(WORK TO BE COMPLETED) Without the pictures, give the records again exactly as they appear.

Records contained in a dataset
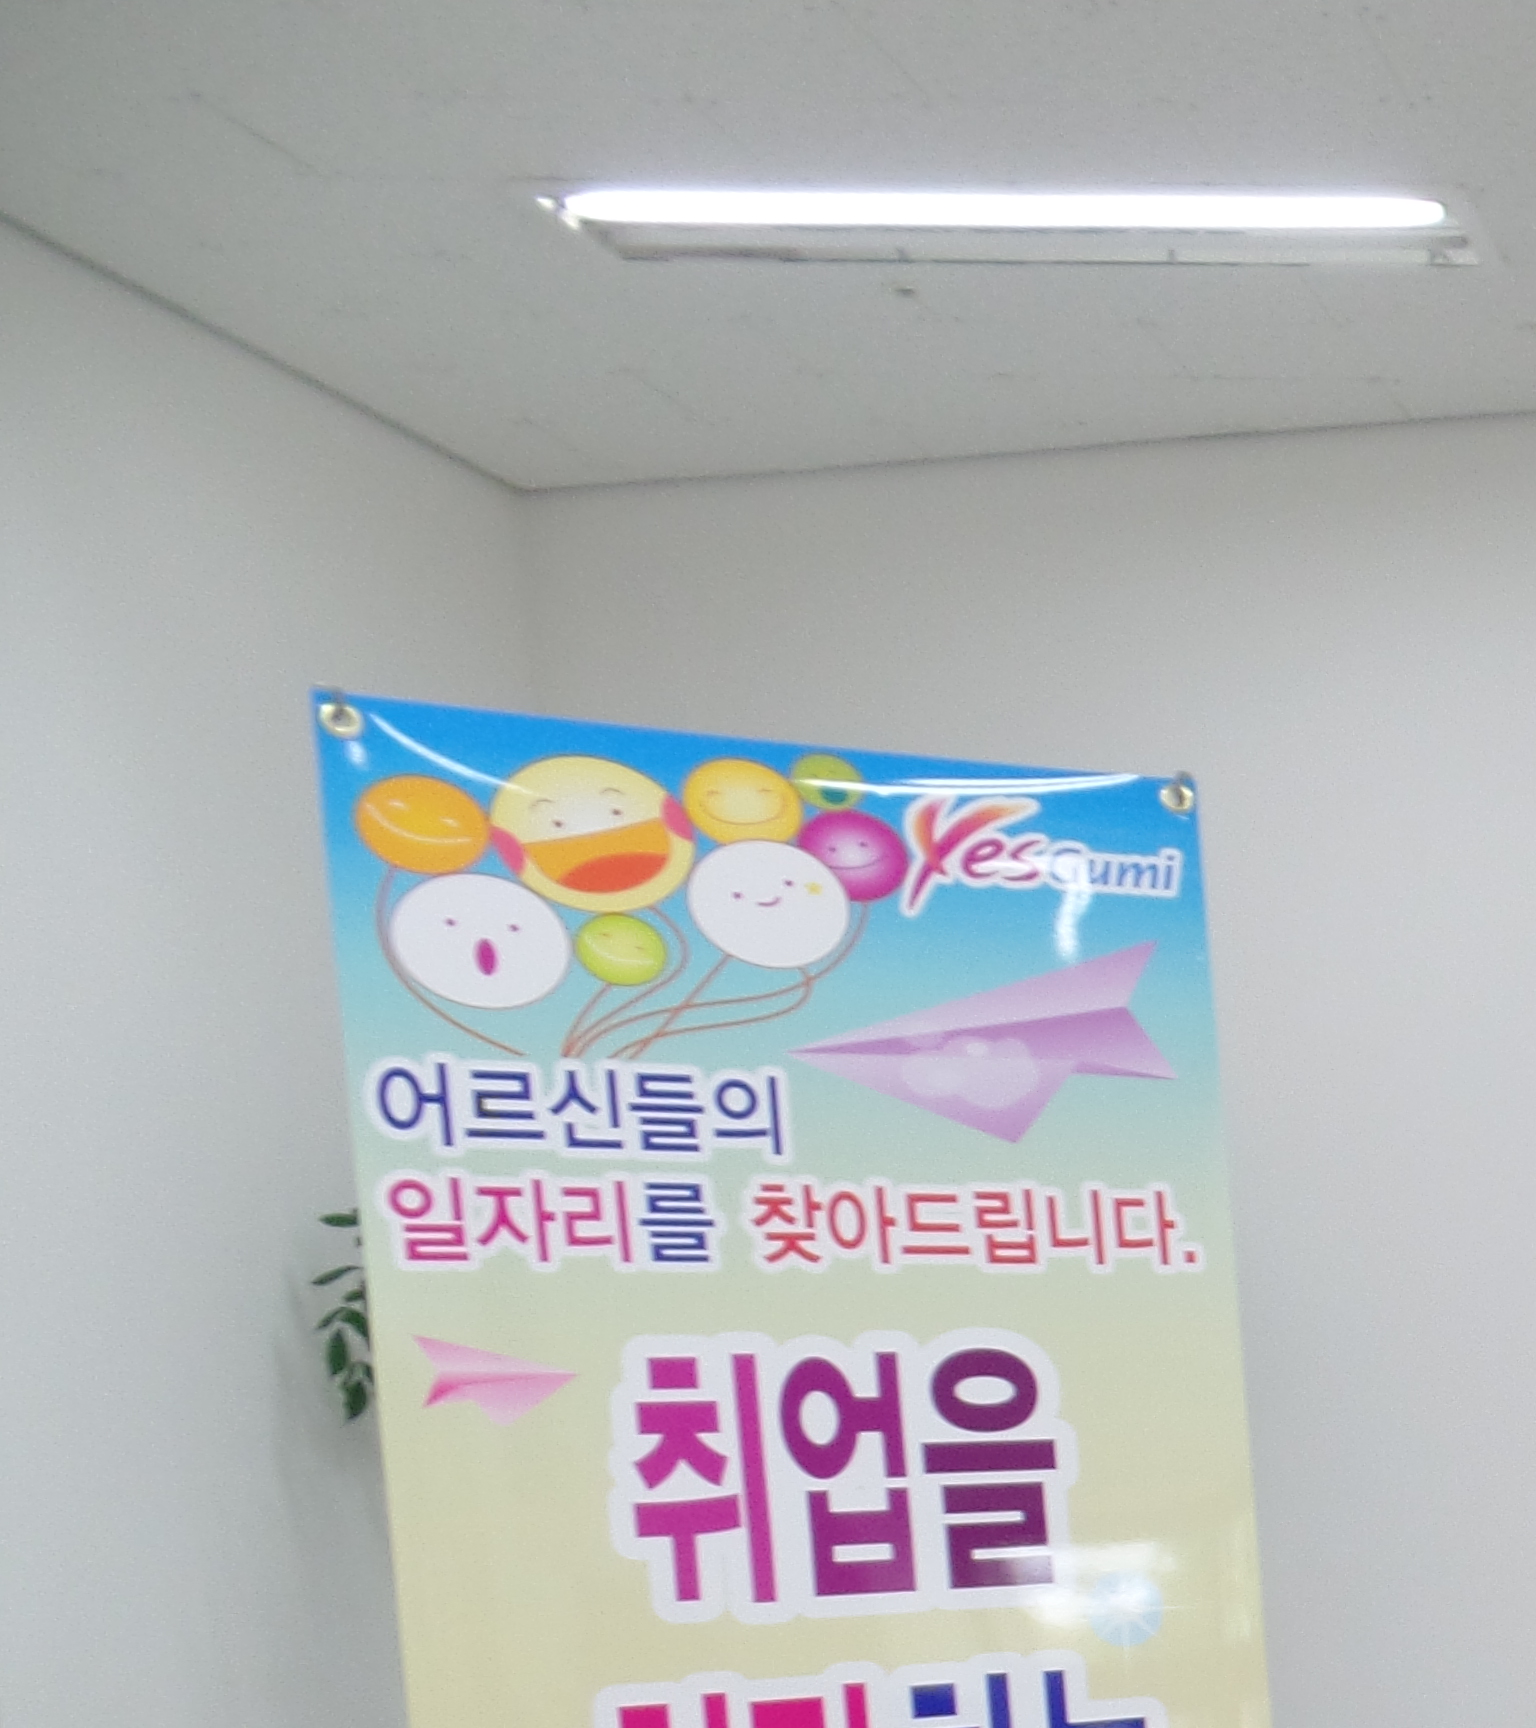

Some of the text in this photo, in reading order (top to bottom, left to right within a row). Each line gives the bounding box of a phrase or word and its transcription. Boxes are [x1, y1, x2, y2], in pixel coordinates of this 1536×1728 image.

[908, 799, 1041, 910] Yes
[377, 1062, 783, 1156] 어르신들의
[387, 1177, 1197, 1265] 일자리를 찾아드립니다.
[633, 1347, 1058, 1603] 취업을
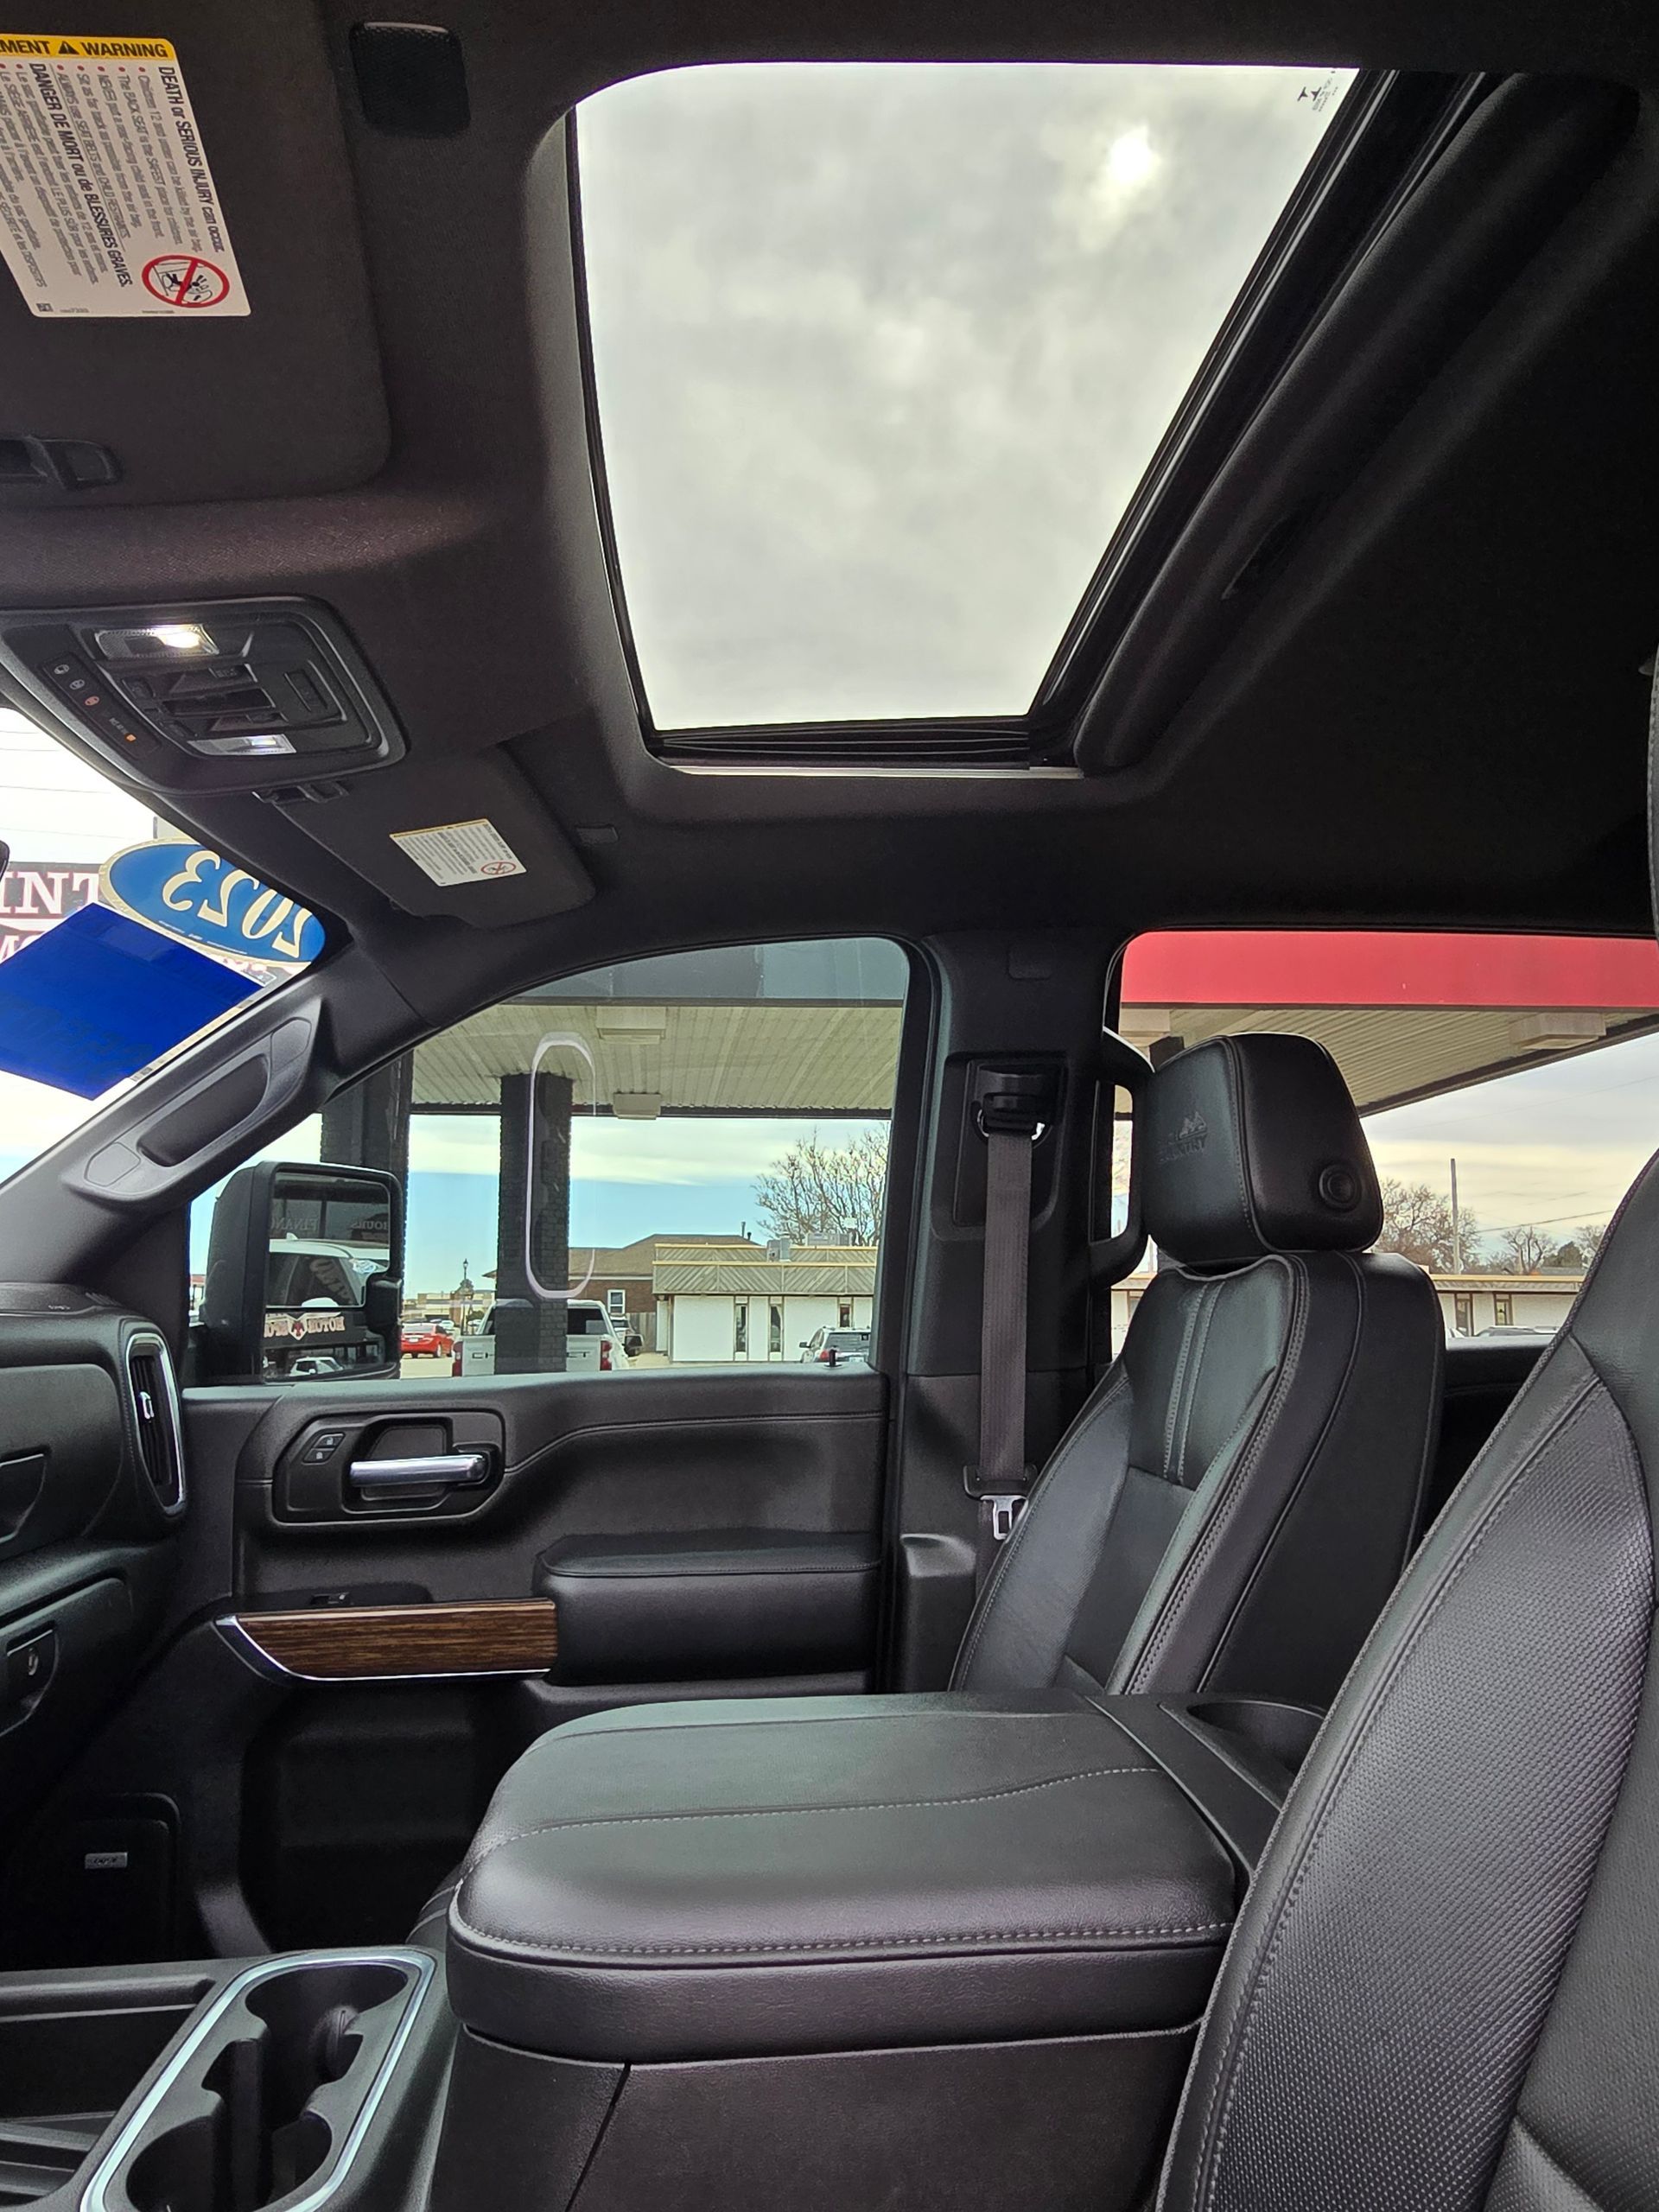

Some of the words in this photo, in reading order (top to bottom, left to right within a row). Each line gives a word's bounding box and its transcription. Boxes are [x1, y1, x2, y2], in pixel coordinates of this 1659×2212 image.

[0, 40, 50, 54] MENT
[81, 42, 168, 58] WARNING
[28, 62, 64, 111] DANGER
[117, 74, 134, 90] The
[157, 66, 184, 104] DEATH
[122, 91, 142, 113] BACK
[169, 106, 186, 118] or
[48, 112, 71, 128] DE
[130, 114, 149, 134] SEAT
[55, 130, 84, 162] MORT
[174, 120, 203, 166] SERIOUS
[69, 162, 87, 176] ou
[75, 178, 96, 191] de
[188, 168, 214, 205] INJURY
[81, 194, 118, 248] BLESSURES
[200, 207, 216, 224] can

(ANSWER TO THIS PROBLEM)
Some of the text in this photo, in reading order (top to bottom, left to right within a row). Each line gives the bounding box of a phrase or word and its transcription. Boxes are [x1, y1, x2, y2], in pixel coordinates of this 1536×1728 image.

[908, 799, 1041, 910] Yes
[377, 1062, 783, 1156] 어르신들의
[387, 1177, 1197, 1265] 일자리를 찾아드립니다.
[633, 1347, 1058, 1603] 취업을

Some of the words in this photo, in reading order (top to bottom, left to right within a row). Each line gives a word's bounding box and its transcription. Boxes are [x1, y1, x2, y2], in pixel coordinates of this 1659×2212 image.

[0, 40, 50, 54] MENT
[81, 42, 168, 58] WARNING
[28, 62, 64, 111] DANGER
[117, 74, 134, 90] The
[157, 66, 184, 104] DEATH
[122, 91, 142, 113] BACK
[169, 106, 186, 118] or
[48, 112, 71, 128] DE
[130, 114, 149, 134] SEAT
[55, 130, 84, 162] MORT
[174, 120, 203, 166] SERIOUS
[69, 162, 87, 176] ou
[75, 178, 96, 191] de
[188, 168, 214, 205] INJURY
[81, 194, 118, 248] BLESSURES
[200, 207, 216, 224] can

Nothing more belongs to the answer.